Nasci há 75 anos atrás em um tempo em que o patriarcalismo era intenso, a mulher era preparada para ser mãe e dona de casa e a única profissão permitida para ela era a de professora. Havia a escola normal que formava grande quantidade de meninas que eram preparadas para ensinar. Nós homens, desde a tenra idade, éramos obrigados a ser “machos”, provedores da família e não podíamos esmorecer jamais. A frase “homem não chora” fazia parte de nossa formação, do nosso dia a dia e aquele que por qualquer motivo não se apresentasse como homem seria desprezado pelos demais. Lembro-me de um episódio que presenciei aos 7 anos de idade quando, participando de um concurso sobre o dia das mães com outros aluninhos do primeiro ano do grupo, vi um dos meninos ganhador de um dos prêmios chorando, tímido e envergonhado e o pai raivoso o empurrando para frente e dizendo “que vergonha! Você não é homem!! Eu que em seguida iria também receber um prêmio fui para a frente engolindo em seco para não chorar...Afinal eu era homem...
Conheci Epitácio quando fui prefeito pela primeira vez. Era um homem forte e trabalhador. Pai de três mulheres dizia de sua frustação de não ter um filho homem. Queria que as meninas estudassem até a escola normal e, seu desejo, que casassem bem. As duas mais velhas seguiram suas determinações. Casaram cedo, nem terminaram a escola e lhe deram netos. Epitácio se vangloriava de nunca ter chorado. Nem quando sua mãezinha falecera, mesmo com o coração partido pela perda, mesmo com dor intensa pois a mãe era tudo para ele, não chorou pois seguia as determinações do pai, já falecido: “homem não chora”.
Sandra, a filha caçula de Epitácio, foi rebelde com as determinações do pai...Estudiosa, trabalhadeira, mesmo contra sua vontade foi à luta e sem nenhum apoio, trabalhando dia e noite sem esmorecer, conseguiu se formar em direito, a primeira universitária da família. Como padrinho da menina compareci à sua formatura e quando a mesma foi chamada para o discurso por ser a oradora da turma, surpreso, vi lágrimas teimosas e furtivas brotarem dos olhos do velho pai. Abracei-o com carinho e ele me disse “estou velho”.

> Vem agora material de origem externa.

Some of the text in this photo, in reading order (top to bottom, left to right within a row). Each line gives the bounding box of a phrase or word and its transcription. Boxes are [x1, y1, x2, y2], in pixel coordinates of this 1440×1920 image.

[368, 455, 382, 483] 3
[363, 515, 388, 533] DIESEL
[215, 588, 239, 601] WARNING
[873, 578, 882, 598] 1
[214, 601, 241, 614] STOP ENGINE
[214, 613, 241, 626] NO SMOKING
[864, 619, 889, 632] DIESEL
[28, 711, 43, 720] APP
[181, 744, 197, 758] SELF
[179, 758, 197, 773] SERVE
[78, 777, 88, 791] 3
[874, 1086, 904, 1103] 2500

O mundo mudou muito e graças a Deus a família também. Vejo hoje pais trabalhando em casa, cuidando de seus filhos, trocando fraldas, dando mamadeiras e banhos em seus bebês e isto não alterou em nada sua masculinidade. Vejo que as mulheres ocupam espaço importante em nossa sociedade, trabalham em todos os setores de nossa economia, cooperam muito com as despesas do lar e algumas, inclusive, são arrimos de família.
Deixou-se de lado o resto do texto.